Some state legislatures are considering bills that grant a legal “religious freedom” to deny medical care. Wisconsin passed such a bill, which the governor vetoed. In Michigan, that bastion of Republicanism, the Conscientious Objector Policy Act recently sailed through the House, and will doubtless pass the Senate and be signed into law. The Act is part of a four-bill package that protects healthcare workers and insurers from being fired or sued for refusing to perform a procedure, fill a prescription, or cover treatment for something they object to for moral, ethical or religious reasons. Supporters of such legislation insist that they’re guarding a constitutionally guaranteed right. But the Michigan bill set off a nationwide clamor. One commentator warned: “Health-care providers are constitutionally free to hold whatever religious and ethical views they wish. [But] they do not have a right to inflict those beliefs on people coming to them for medical treatment.” Rep. Chris Kolb (D-Ann Arbor), Michigan’s first openly gay legislator, warned that the package doesn’t ban discrimination based on sexual orientation—opening the door to denial of treatment to gay people. Rep. Jack Minore (D-Flint) said, “I think it’s a terrible slippery slope upon which we embark.”

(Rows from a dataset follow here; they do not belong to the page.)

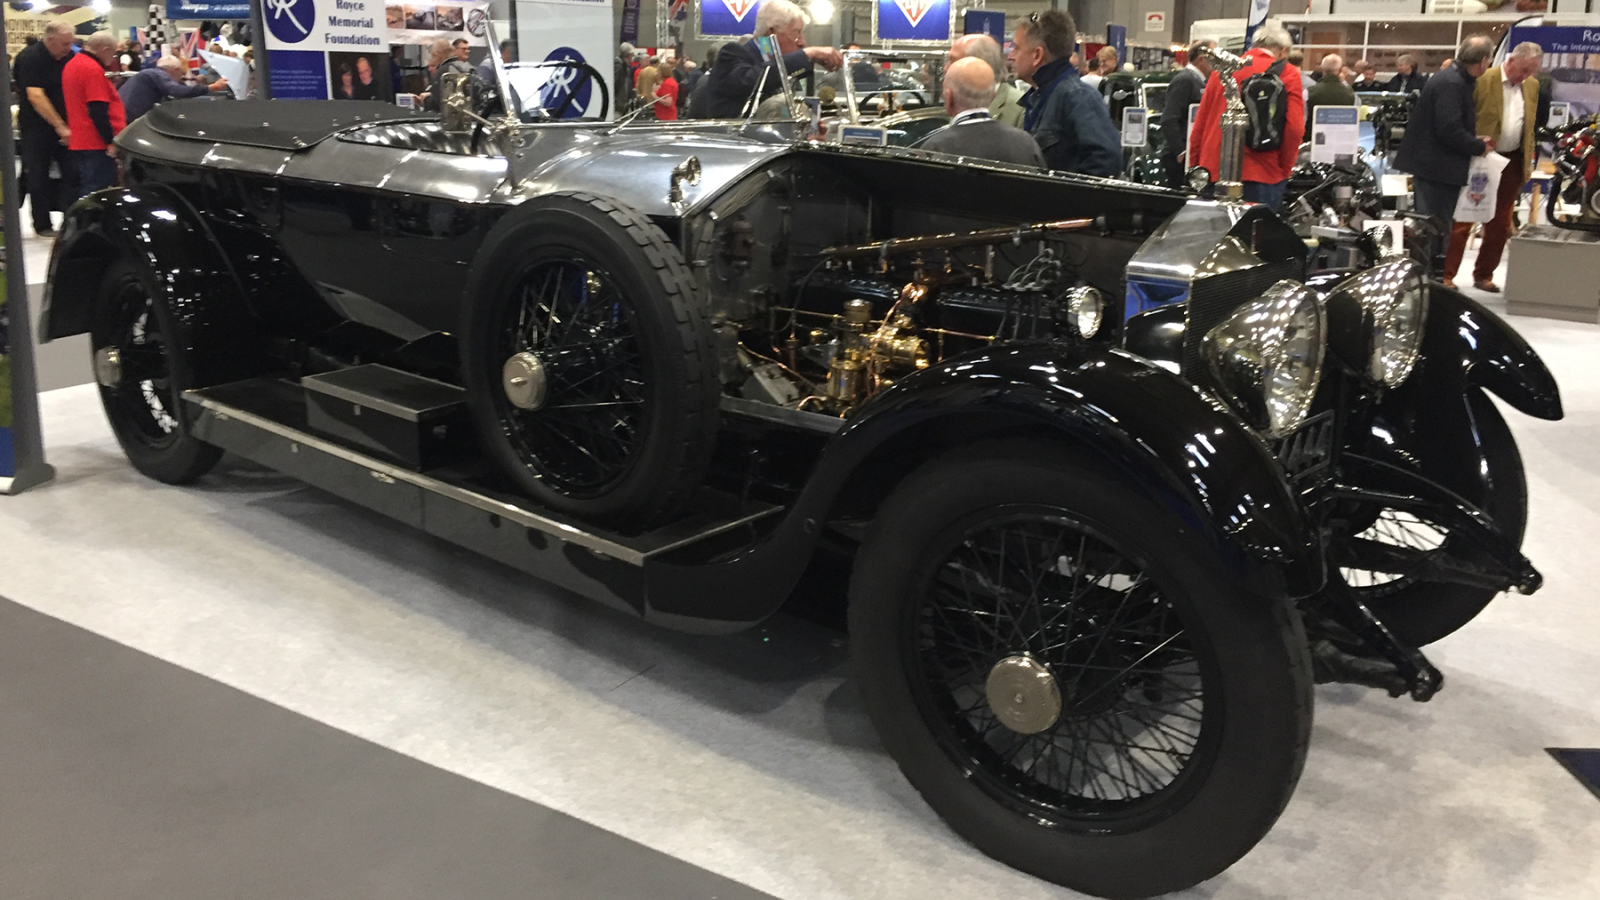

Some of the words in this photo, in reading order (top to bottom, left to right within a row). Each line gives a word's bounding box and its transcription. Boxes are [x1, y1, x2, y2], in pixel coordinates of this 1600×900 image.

[336, 0, 365, 12] Royce
[328, 16, 374, 28] Memorial
[325, 33, 380, 45] Foundation
[1552, 42, 1568, 51] The
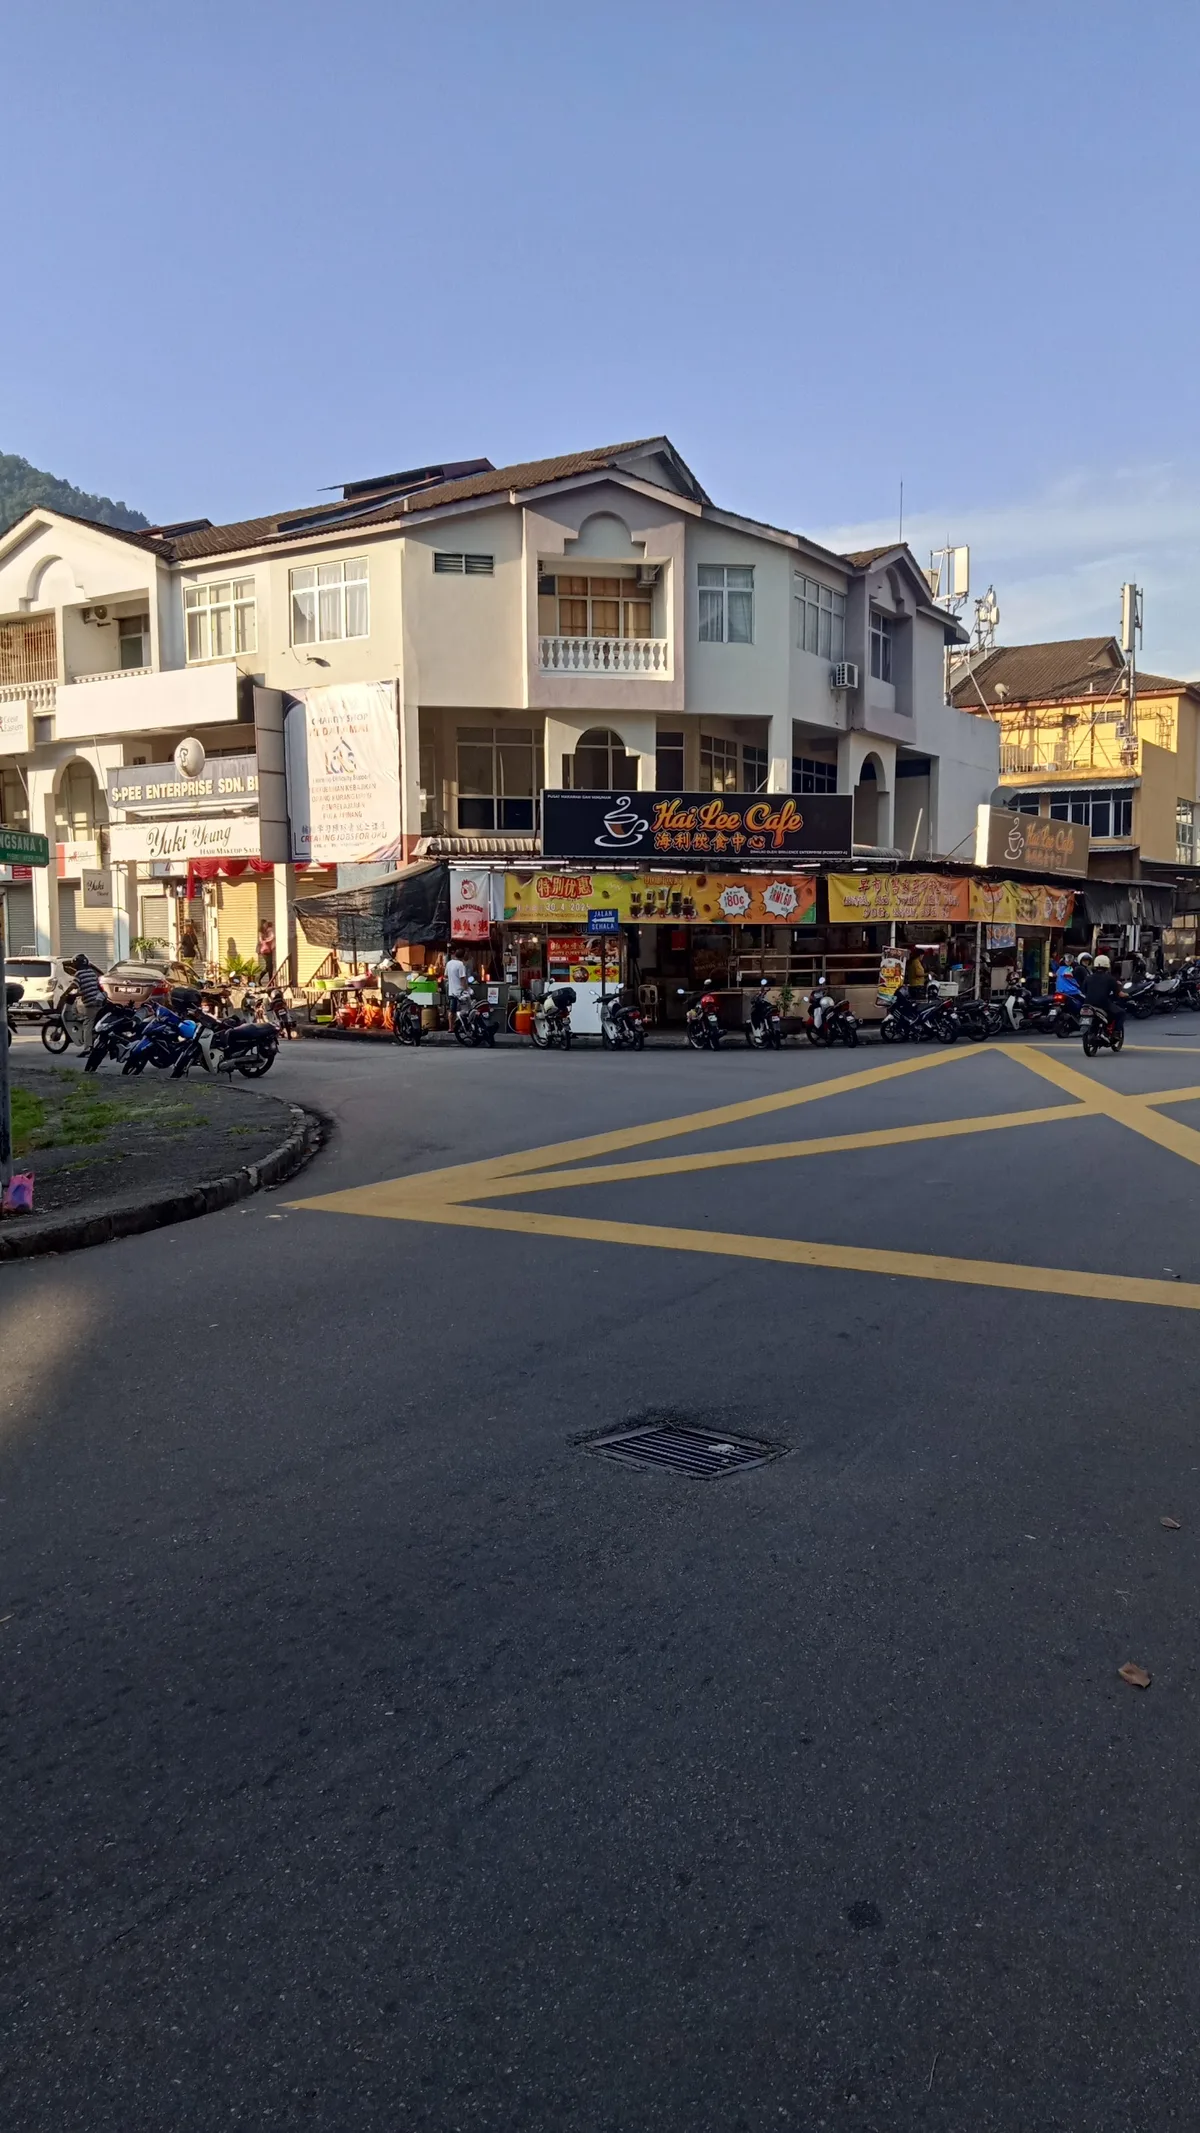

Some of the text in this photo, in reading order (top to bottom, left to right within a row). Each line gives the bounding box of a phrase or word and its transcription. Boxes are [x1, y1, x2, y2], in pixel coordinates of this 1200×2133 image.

A slippery slope indeed, where it’s suddenly legal to violate the Hippocratic oath. Activist physician Gus Krucke [A&U, February 2004] of Texas, a fearless campaigner for patients’ rights, wrote a sarcastic open letter to Michigan legislators, making like a redneck who was delighted to find Texas-style bigotry flourishing up North. He wrote: “Honey….If them doctors who hate homosexurals [sic] are able to get you to vote for a bill that is full of prejudice, I must say that I am teary eyed; you done everybody so proud!”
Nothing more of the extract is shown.